By: Eric Swanson
President Barack Obama's budget proposal for next year does nothing to reduce the massive national deficit, U.S. Rep. Tim Huelskamp said Monday. "This president's proposing a 1.6 trillion-dollar deficit," he complained. "It wasn't till two years ago we ever talked about trillion-dollar deficits. Now his budget comes out, we're talking about trillion-dollar deficits as far as the eye can see."
Fiscal issues dominated the discussion during Huelskamp's town hall meeting at the Cimarron City Library. The congressman is touring the Big First Congressional District this month to give his constituents an overview of what's going on in Washington.

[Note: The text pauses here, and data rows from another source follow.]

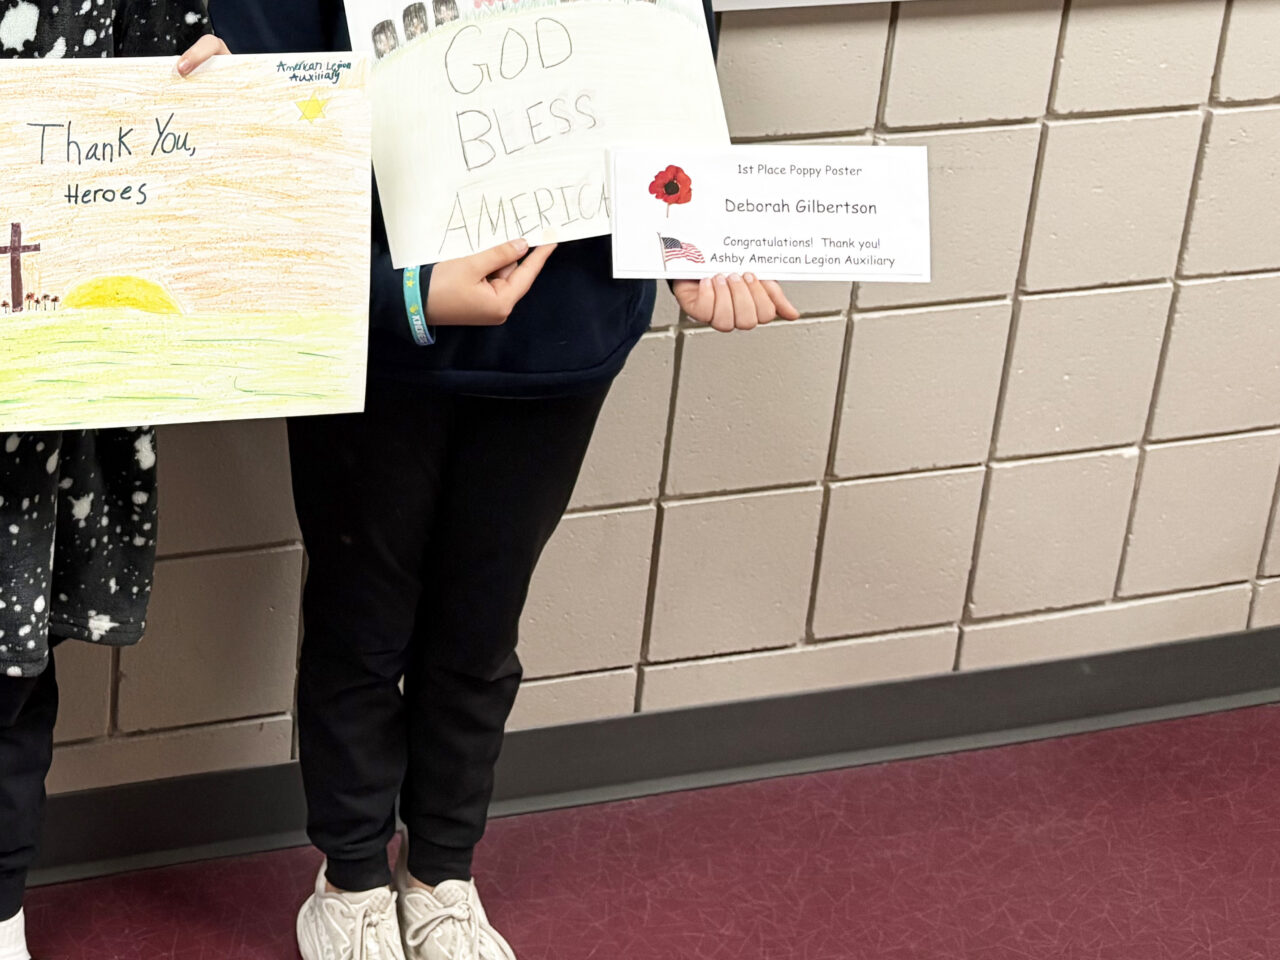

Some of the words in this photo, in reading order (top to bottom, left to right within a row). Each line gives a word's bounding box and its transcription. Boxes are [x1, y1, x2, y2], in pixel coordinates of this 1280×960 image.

[444, 17, 573, 95] GOD
[150, 112, 197, 157] You,
[455, 93, 598, 172] BLESS
[737, 164, 754, 175] 1st
[757, 164, 787, 176] Place
[790, 164, 822, 179] Poppy
[825, 165, 863, 176] Poster
[64, 183, 147, 205] Heroes
[725, 198, 790, 213] Deborah
[795, 199, 877, 215] Gilbertson
[438, 181, 611, 256] AMERICA
[723, 236, 814, 249] Congratulations!
[820, 237, 855, 249] Thank
[858, 238, 881, 251] you!
[710, 252, 745, 266] Ashby
[748, 252, 802, 265] American
[804, 254, 841, 268] Legion
[844, 255, 896, 269] Auxiliary

Obama has recommended a $3.73 trillion budget for fiscal year 2012, saying it balances necessary spending with reductions that would cut the deficit by $1.1 trillion over 10 years. But congressional Republicans complained that the proposal does not do enough to rein in the deficit.
Huelskamp said the U.S. House is taking a new approach to balancing the budget this year. Each week, lawmakers will have an up-or-down vote on whether to keep or eliminate a federal program.

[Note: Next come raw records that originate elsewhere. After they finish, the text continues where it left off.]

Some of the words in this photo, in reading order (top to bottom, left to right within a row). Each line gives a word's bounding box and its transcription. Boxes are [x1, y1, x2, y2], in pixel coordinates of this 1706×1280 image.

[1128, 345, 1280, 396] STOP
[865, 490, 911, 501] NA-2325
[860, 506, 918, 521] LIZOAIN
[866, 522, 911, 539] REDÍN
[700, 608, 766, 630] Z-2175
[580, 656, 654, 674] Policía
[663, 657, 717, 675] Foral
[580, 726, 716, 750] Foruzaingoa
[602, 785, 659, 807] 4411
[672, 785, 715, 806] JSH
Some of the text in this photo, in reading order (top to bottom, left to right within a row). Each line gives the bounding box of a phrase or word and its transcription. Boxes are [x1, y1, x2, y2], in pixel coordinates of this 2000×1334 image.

"Normally, they'd sit around the table and say, "OK, where can we add money?'" he said. "The question is now, "Where can we do less?' Because we have to balance this budget."

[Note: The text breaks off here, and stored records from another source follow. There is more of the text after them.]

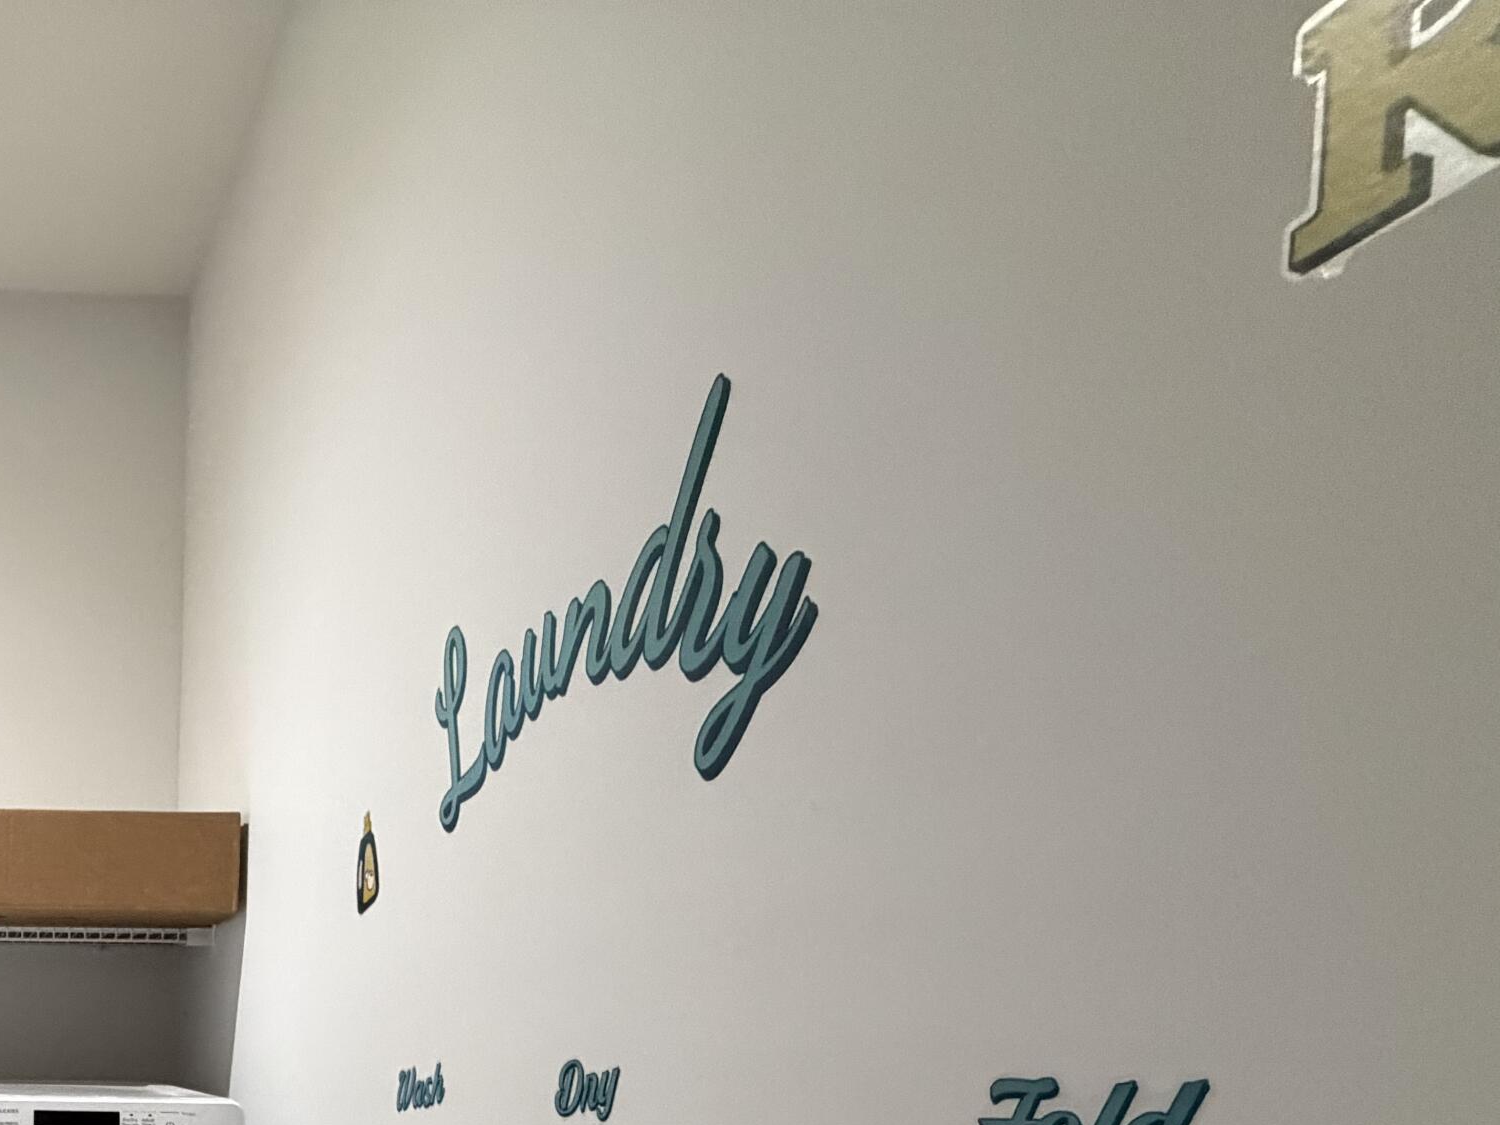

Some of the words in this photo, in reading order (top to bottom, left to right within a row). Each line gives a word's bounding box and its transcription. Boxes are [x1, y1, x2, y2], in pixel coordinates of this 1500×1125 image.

[435, 373, 818, 833] Laundry
[397, 1062, 446, 1112] Wash
[555, 1059, 621, 1122] Dry
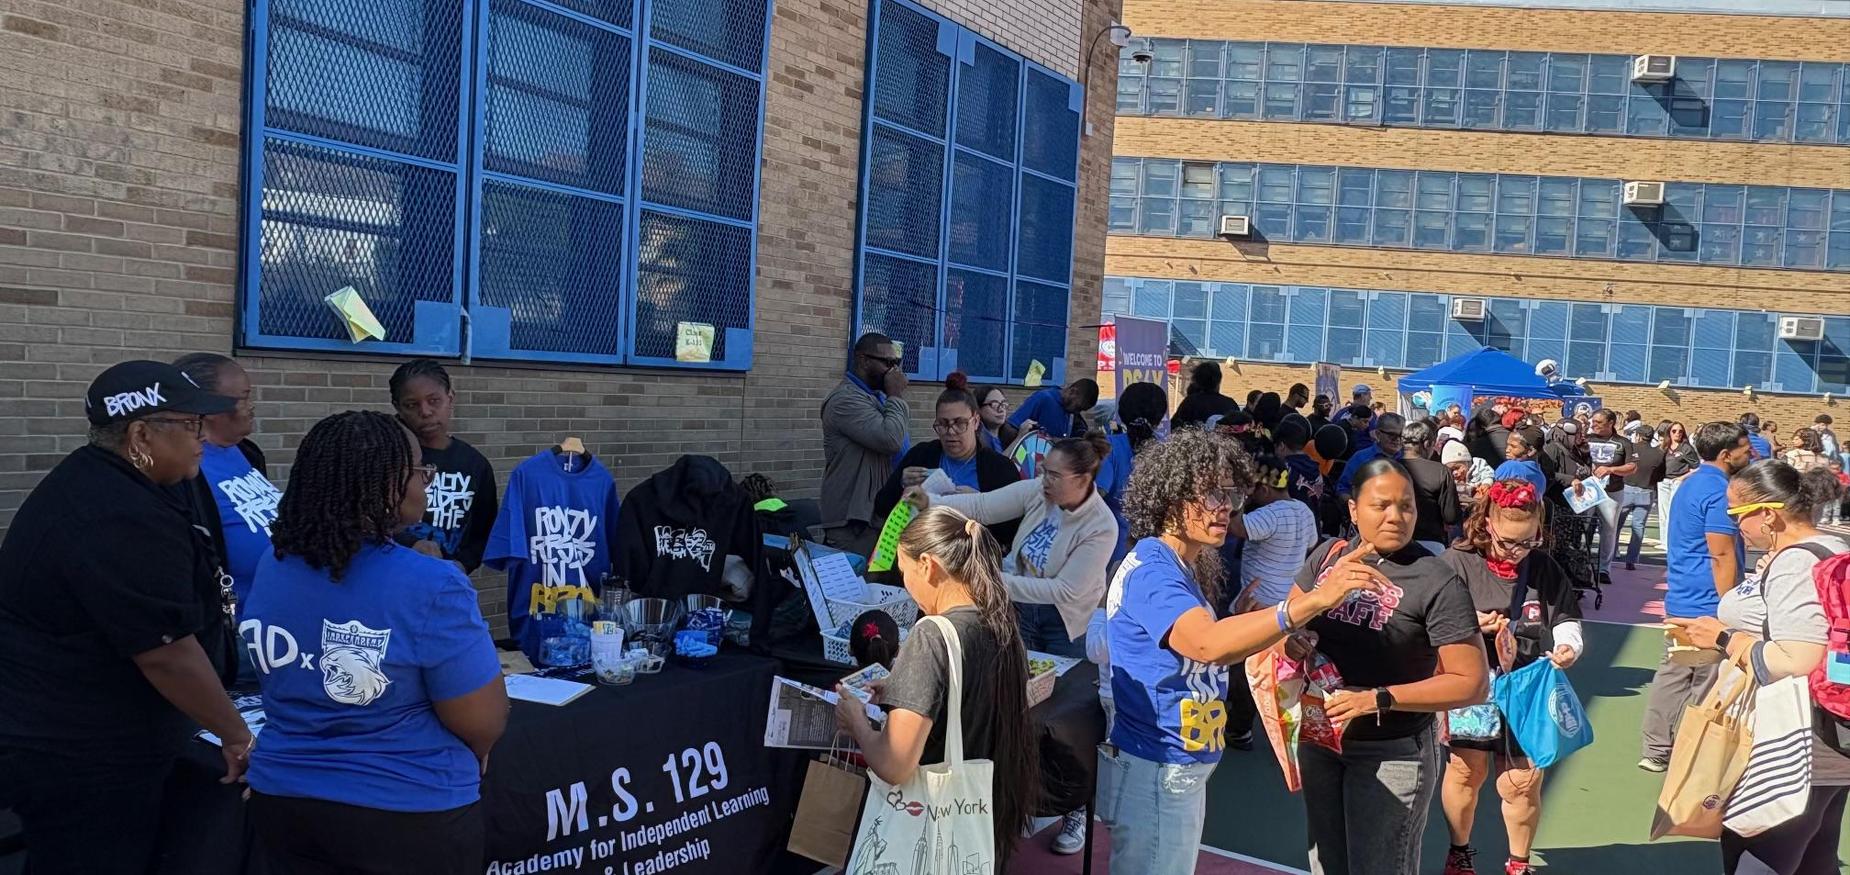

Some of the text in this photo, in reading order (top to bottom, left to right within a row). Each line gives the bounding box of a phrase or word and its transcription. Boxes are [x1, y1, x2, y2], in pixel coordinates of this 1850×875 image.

[1123, 352, 1163, 367] WELCOME TO
[103, 382, 167, 417] BRONX
[431, 471, 472, 493] ALTY
[426, 506, 465, 530] THE
[661, 741, 729, 804] 129
[927, 798, 989, 822] Nw York
[486, 786, 770, 875] Academy for Independent Learning
[622, 837, 712, 875] Leadership

But the national deficit wasn't the only topic on the agenda. Huelskamp also touched on a variety of other topics, including funding for federal "czars," the fate of Social Security and the possibility of a government shutdown.
* Funding for czars: Earlier this month, Huelskamp cosponsored a measure eliminating funding for nine czars who were appointed by Obama without congressional consent.
Those positions included the assistant to the president for energy and climate change and a special envoy to oversee closing the detention center at Guantanamo Bay.
Huelskamp said Monday the czars' policy goals should be subject to congressional oversight.
"The czars didn't start with Obama, but they should end now," he said.
* The future of Social Security: Huelskamp said Social Security is closer to breaking even than other entitlement programs, including Medicare and Medicaid. But he warned the audience that insolvency is just around the corner for Social Security.
"We're going to be paying out more this year than we receive in Social Security for the first time," he said. "It'll always be like this all the way forward."
He said the federal government could take steps to keep the program solvent, such as raising the age requirement for beneficiaries.
* Government shutdown: Lawmakers are feuding over spending in the current fiscal year, which is one-third over, the Associated Press reported Sunday.
House Republicans have vowed to cut $60 billion in discretionary spending, or 12 percent of the budget. But Obama and congressional Democrats say such cuts would damage the economic recovery. Instead, they favor freezing discretionary spending at current levels for five years.
The budget battle could result in a partial government shutdown unless something changes before March 4, when the current funding measure ends, according to the AP.
A woman in the audience asked Huelskamp if talk of a shutdown was aimed at forcing Congress to cut the federal budget.
Huelskamp said his Republican colleagues want to reduce the deficit and save taxpayers money, but Obama and the Democrats don't seem to be serious about achieving that goal.
"March 4, they'll run out of money, and we'll see what happens in the meantime," he said.